━━ Records shown ━━

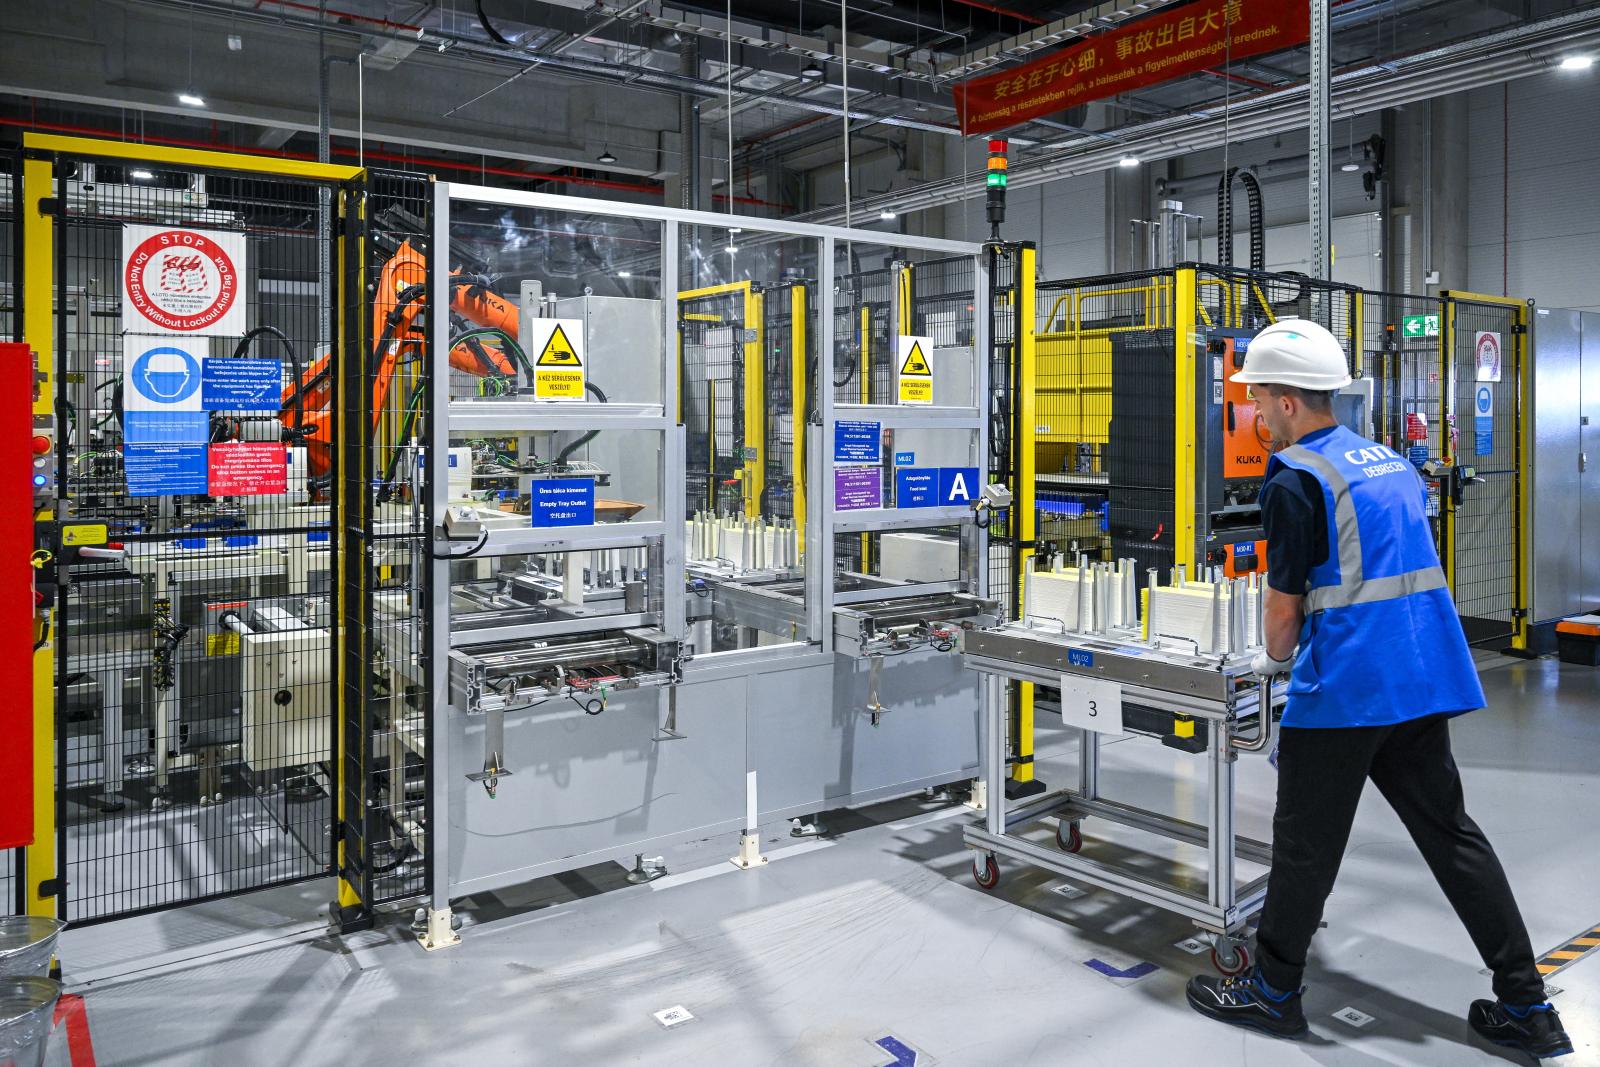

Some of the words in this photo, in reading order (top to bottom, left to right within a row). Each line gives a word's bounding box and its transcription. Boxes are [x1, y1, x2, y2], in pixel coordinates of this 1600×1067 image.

[970, 115, 977, 124] A
[1089, 80, 1094, 88] a
[1096, 66, 1136, 86] balesetek
[1138, 66, 1142, 74] a
[1234, 25, 1280, 45] erednek.
[160, 234, 205, 247] STOP
[135, 252, 149, 265] Do
[215, 256, 228, 273] Out
[130, 265, 141, 282] Not
[224, 274, 233, 292] Tag
[131, 283, 146, 308] Entry
[217, 293, 230, 311] And
[145, 305, 181, 328] Without
[183, 308, 220, 328] Lockout
[1236, 456, 1262, 464] KUKA
[1344, 446, 1400, 464] CATL
[1362, 461, 1408, 478] DEBRECEN
[948, 472, 970, 500] A
[1072, 653, 1089, 662] ML02
[1088, 700, 1097, 717] 3
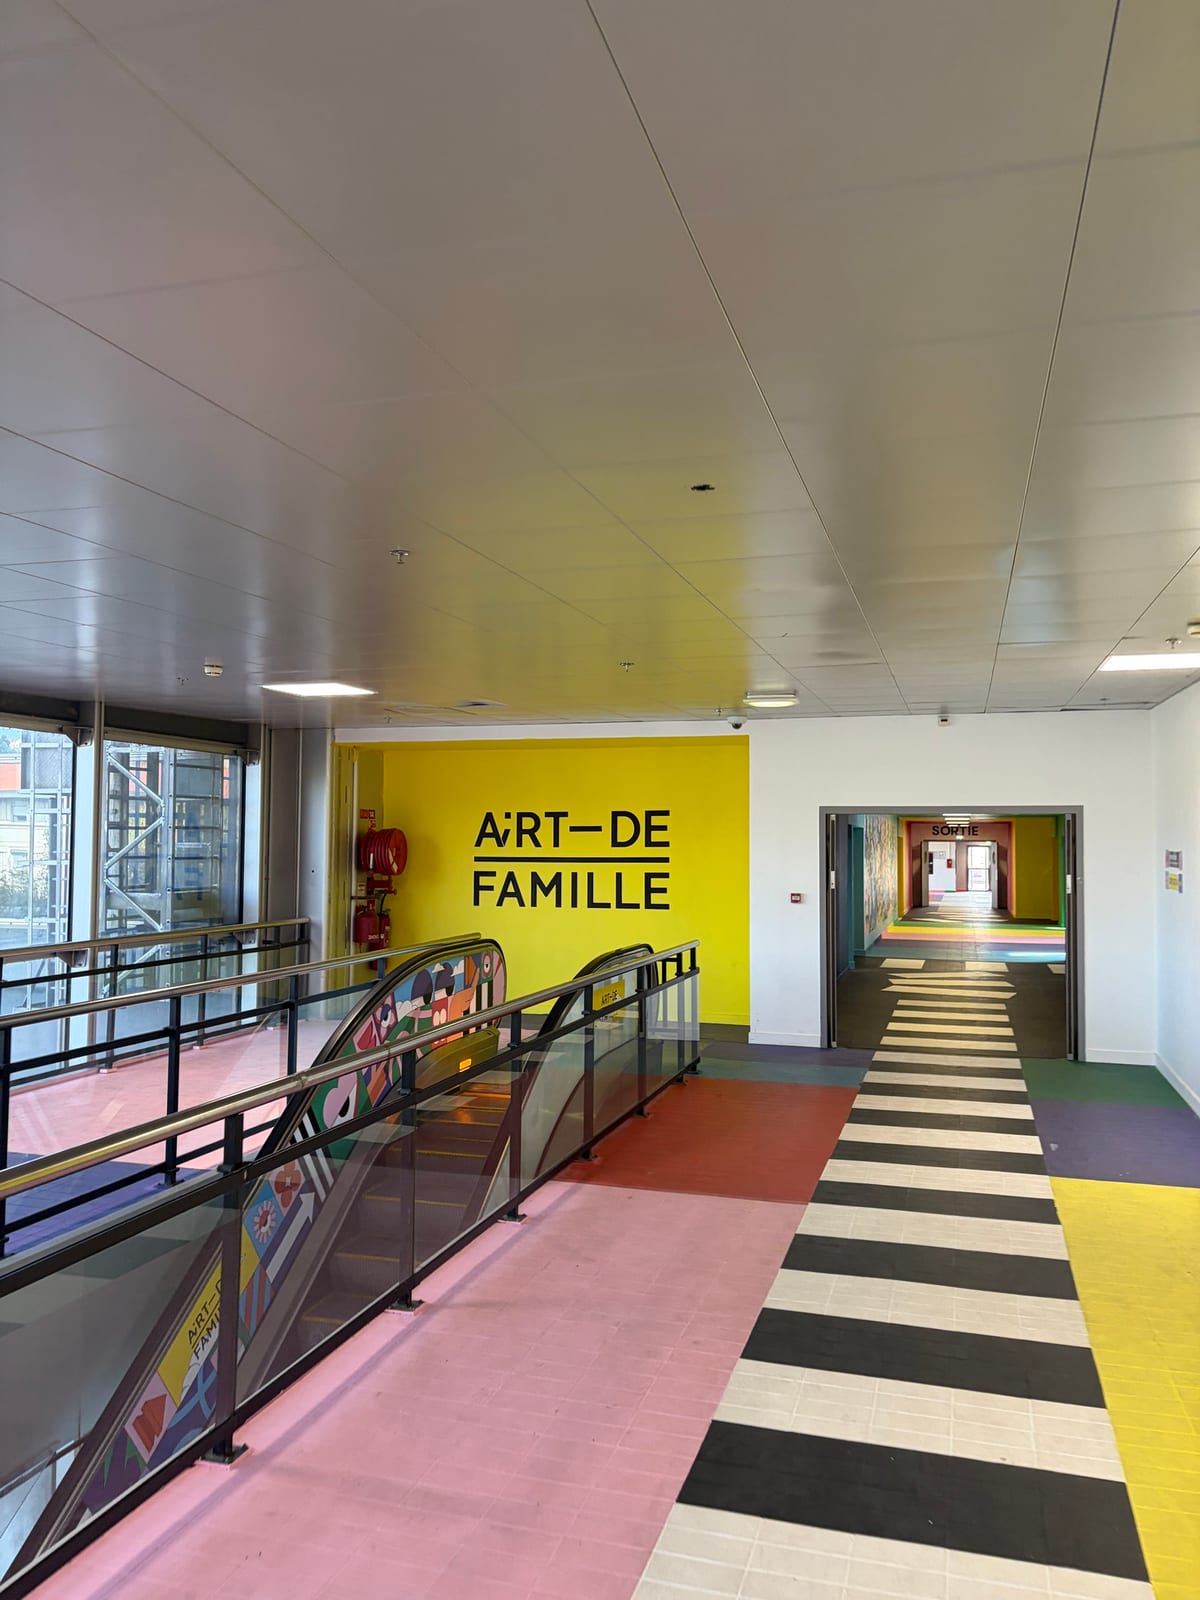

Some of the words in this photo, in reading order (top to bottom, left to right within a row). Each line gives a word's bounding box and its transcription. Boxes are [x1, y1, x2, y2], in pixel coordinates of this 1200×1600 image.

[932, 825, 979, 836] SORTIE
[473, 870, 670, 910] FAMILLE
[194, 1307, 221, 1360] FAMI
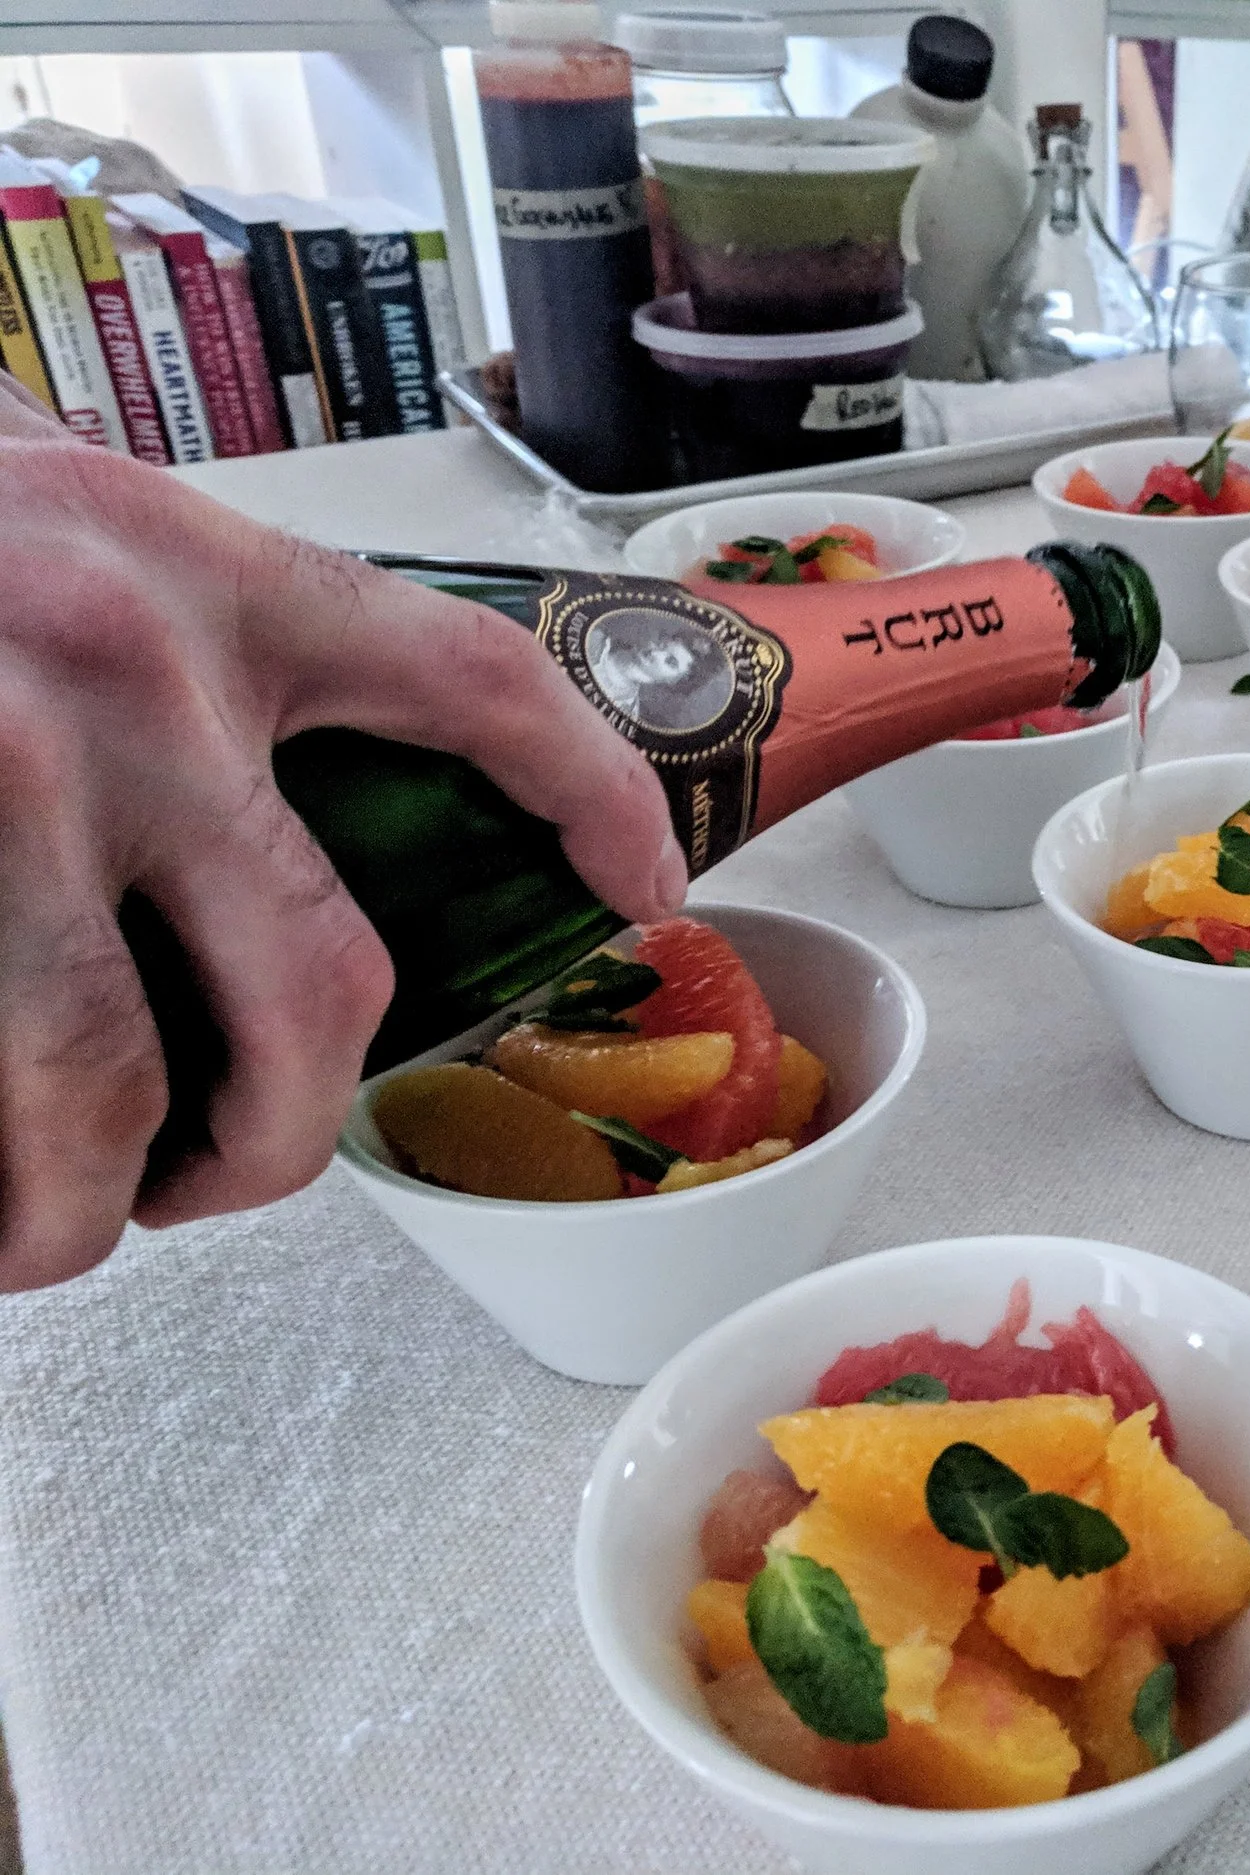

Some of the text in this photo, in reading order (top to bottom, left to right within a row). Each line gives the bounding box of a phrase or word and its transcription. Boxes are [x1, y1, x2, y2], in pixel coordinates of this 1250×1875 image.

━━━

Each line of the data above must be reproduced as written. Skip the pictures.

■ Exercise answer:
Some of the words in this photo, in reading order (top to bottom, left to right within a row). Each line gives a word's bounding box and its transcription. Boxes are [x1, y1, x2, y2], in pixel coordinates of this 1600×1067 image.

[970, 115, 977, 124] A
[1089, 80, 1094, 88] a
[1096, 66, 1136, 86] balesetek
[1138, 66, 1142, 74] a
[1234, 25, 1280, 45] erednek.
[160, 234, 205, 247] STOP
[135, 252, 149, 265] Do
[215, 256, 228, 273] Out
[130, 265, 141, 282] Not
[224, 274, 233, 292] Tag
[131, 283, 146, 308] Entry
[217, 293, 230, 311] And
[145, 305, 181, 328] Without
[183, 308, 220, 328] Lockout
[1236, 456, 1262, 464] KUKA
[1344, 446, 1400, 464] CATL
[1362, 461, 1408, 478] DEBRECEN
[948, 472, 970, 500] A
[1072, 653, 1089, 662] ML02
[1088, 700, 1097, 717] 3

Some of the words in this photo, in reading order (top to bottom, left to right within a row). Each line gives a word's bounding box and its transcription. Boxes are [x1, y1, x2, y2], in pixel coordinates of this 1200×1600 image.

[932, 825, 979, 836] SORTIE
[473, 870, 670, 910] FAMILLE
[194, 1307, 221, 1360] FAMI

Some of the text in this photo, in reading order (top to bottom, left to right within a row). Each line gives the bounding box of a phrase or word and its transcription. Boxes are [x1, y1, x2, y2], in pixel coordinates of this 1250×1875 image.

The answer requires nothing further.